___ MATERIAL SHOWN ___
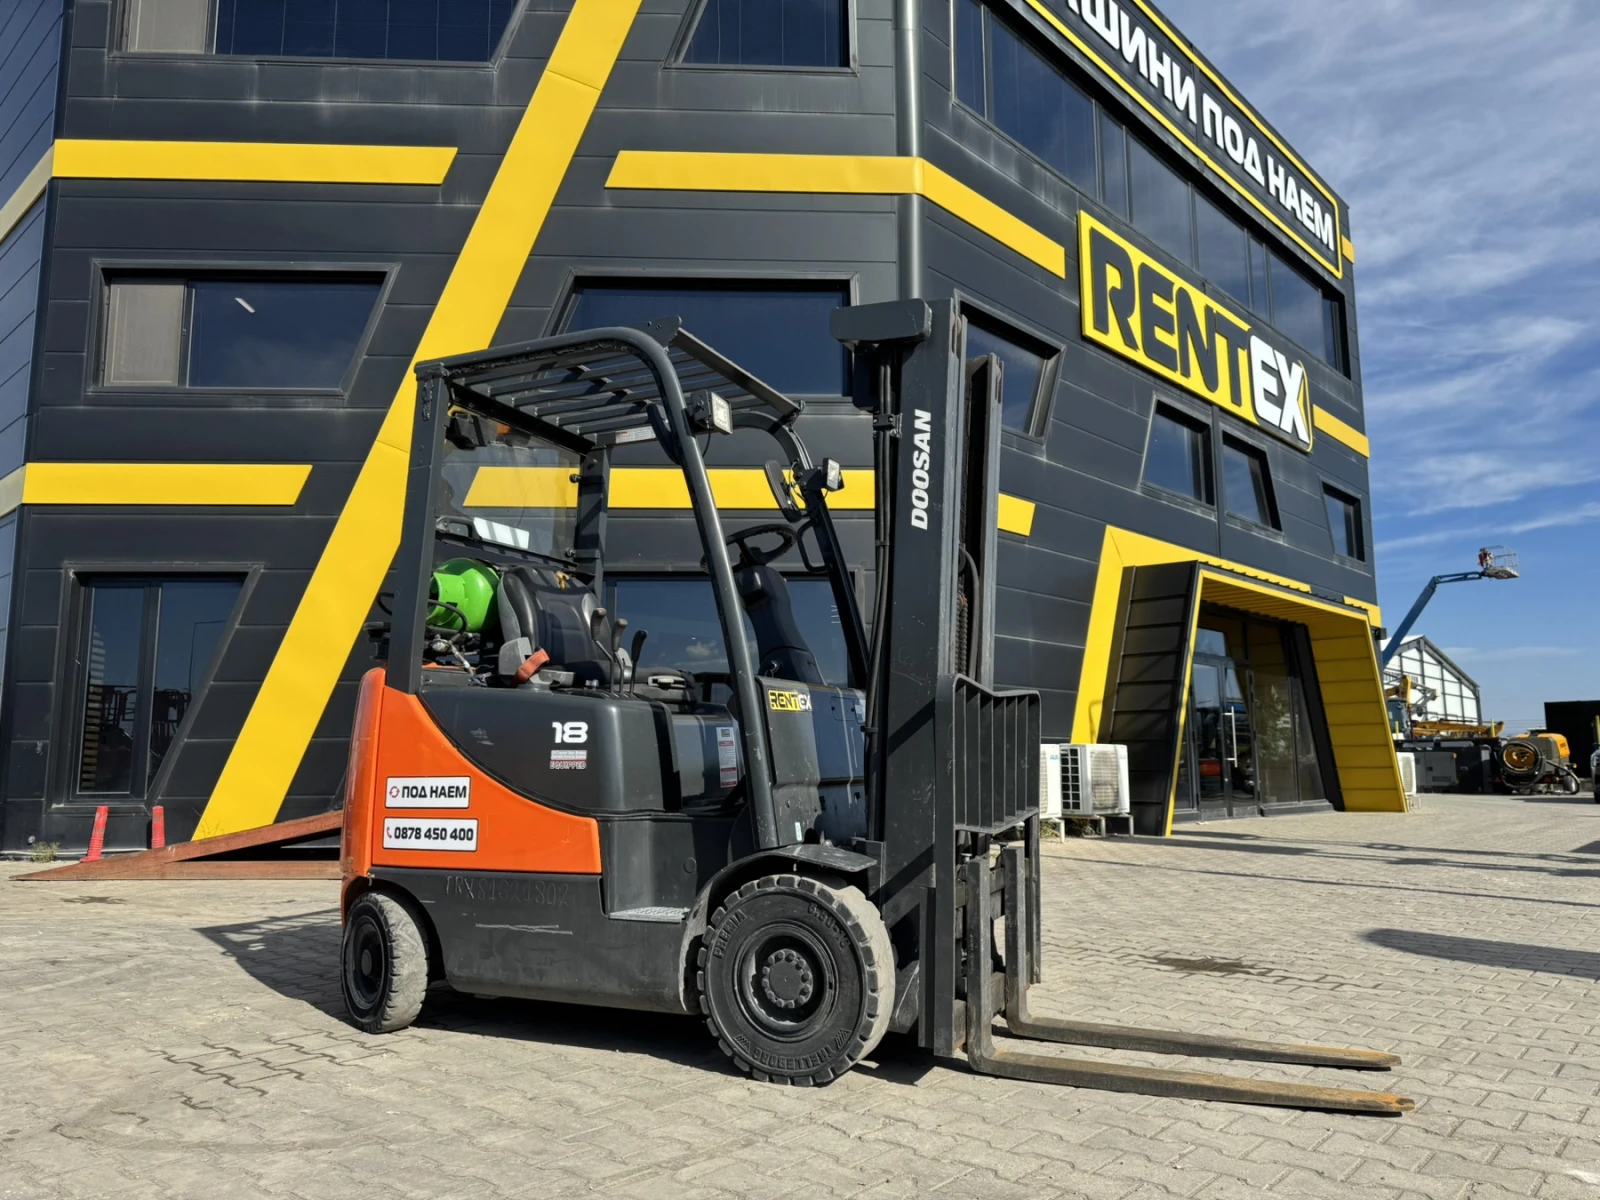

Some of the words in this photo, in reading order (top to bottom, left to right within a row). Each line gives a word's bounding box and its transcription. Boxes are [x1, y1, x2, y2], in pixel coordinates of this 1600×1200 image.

[1067, 0, 1198, 125] ШИНИ
[1202, 92, 1265, 187] ПОД
[1267, 154, 1334, 251] НАЕМ
[1089, 225, 1310, 444] RENTEX
[911, 408, 931, 530] DOOSAN
[769, 692, 812, 710] RENTEX
[552, 721, 589, 744] 18
[401, 785, 428, 799] ПОД
[429, 785, 467, 799] НАЕМ
[393, 826, 422, 840] 0878
[423, 827, 447, 841] 450
[449, 828, 474, 842] 400
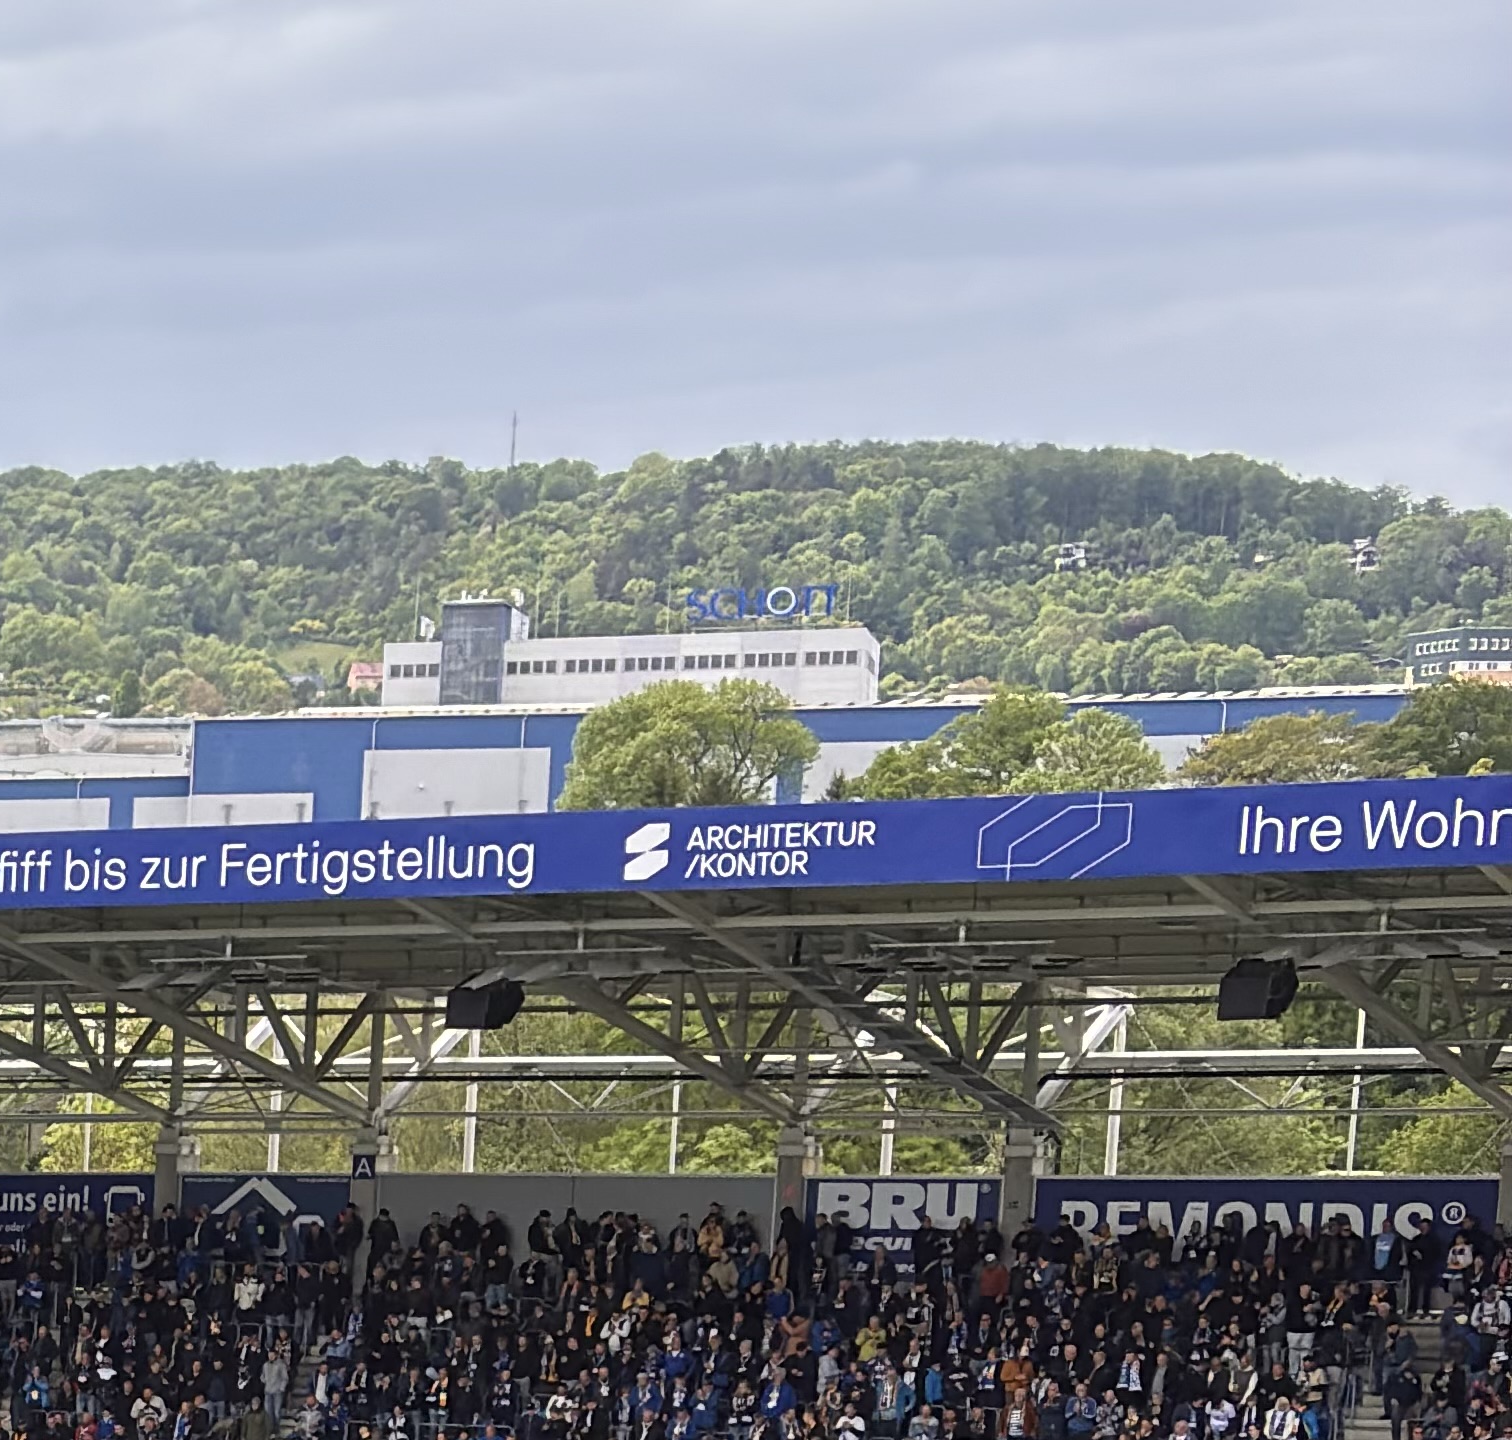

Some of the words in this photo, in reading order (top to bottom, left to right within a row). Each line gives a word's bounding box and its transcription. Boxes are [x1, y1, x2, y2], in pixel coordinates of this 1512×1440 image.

[686, 583, 838, 623] SCHOTT
[686, 820, 876, 851] ARCHITEKTUR
[1239, 802, 1343, 855] Ihre
[63, 847, 124, 892] bis
[139, 850, 208, 890] zur
[220, 826, 535, 897] Fertigstellung
[43, 1185, 90, 1212] ein!
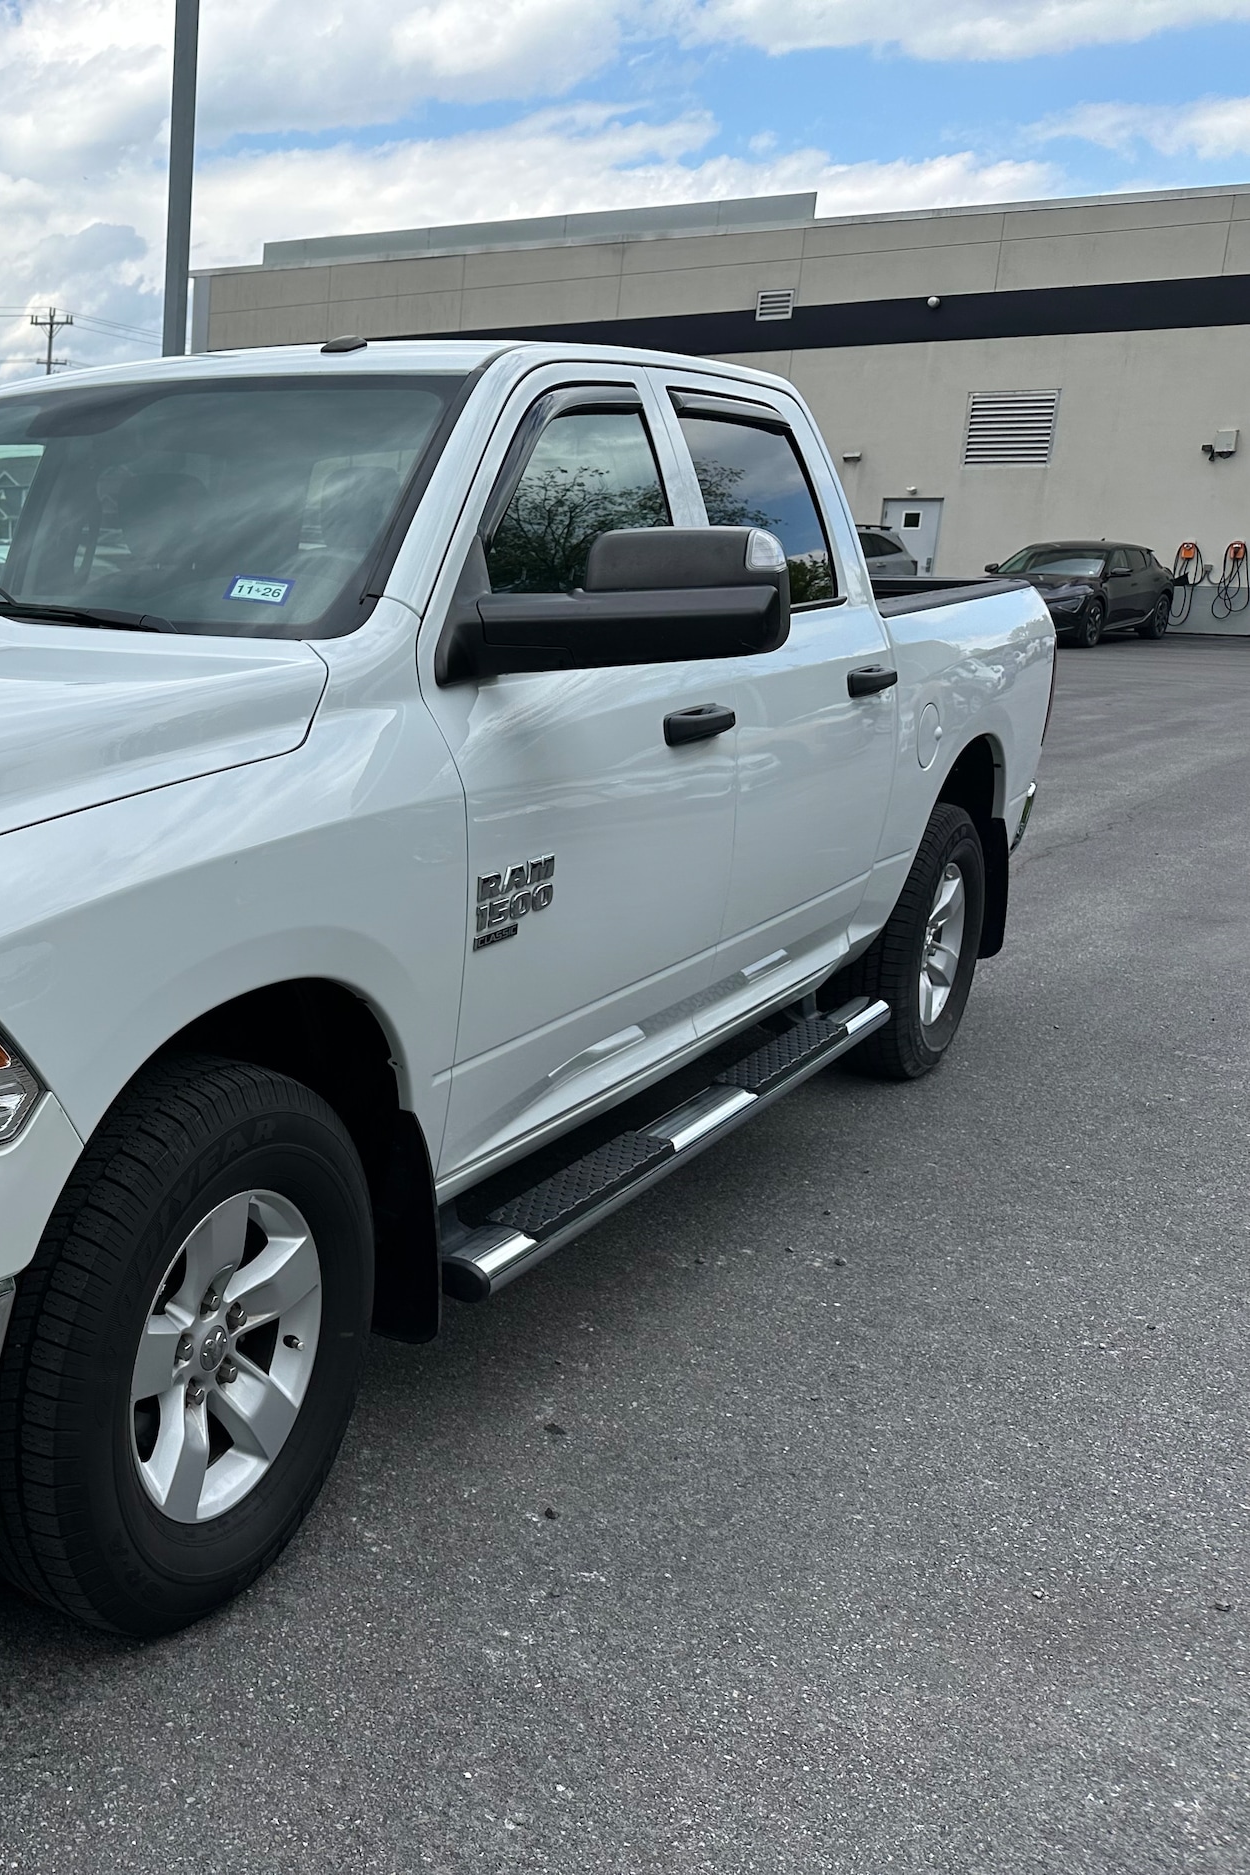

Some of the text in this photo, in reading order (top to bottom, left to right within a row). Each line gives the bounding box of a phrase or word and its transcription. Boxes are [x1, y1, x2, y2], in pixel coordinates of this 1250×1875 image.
___
EXERCISE INSTRUCTIONS: Leaving the pictures out, write out all the material above exactly.

TASK RESULT:
Some of the words in this photo, in reading order (top to bottom, left to right within a row). Each line gives a word's bounding box and its transcription. Boxes are [x1, y1, x2, y2], in pixel coordinates of this 1600×1200 image.

[1067, 0, 1198, 125] ШИНИ
[1202, 92, 1265, 187] ПОД
[1267, 154, 1334, 251] НАЕМ
[1089, 225, 1310, 444] RENTEX
[911, 408, 931, 530] DOOSAN
[769, 692, 812, 710] RENTEX
[552, 721, 589, 744] 18
[401, 785, 428, 799] ПОД
[429, 785, 467, 799] НАЕМ
[393, 826, 422, 840] 0878
[423, 827, 447, 841] 450
[449, 828, 474, 842] 400

Some of the words in this photo, in reading order (top to bottom, left to right within a row). Each line gives a word's bounding box and its transcription. Boxes are [x1, y1, x2, y2], in pixel coordinates of this 1512×1440 image.

[686, 583, 838, 623] SCHOTT
[686, 820, 876, 851] ARCHITEKTUR
[1239, 802, 1343, 855] Ihre
[63, 847, 124, 892] bis
[139, 850, 208, 890] zur
[220, 826, 535, 897] Fertigstellung
[43, 1185, 90, 1212] ein!

Some of the text in this photo, in reading order (top to bottom, left to right within a row). Each line gives the bounding box of a phrase or word and its transcription. Boxes are [x1, y1, x2, y2], in pixel coordinates of this 1250×1875 image.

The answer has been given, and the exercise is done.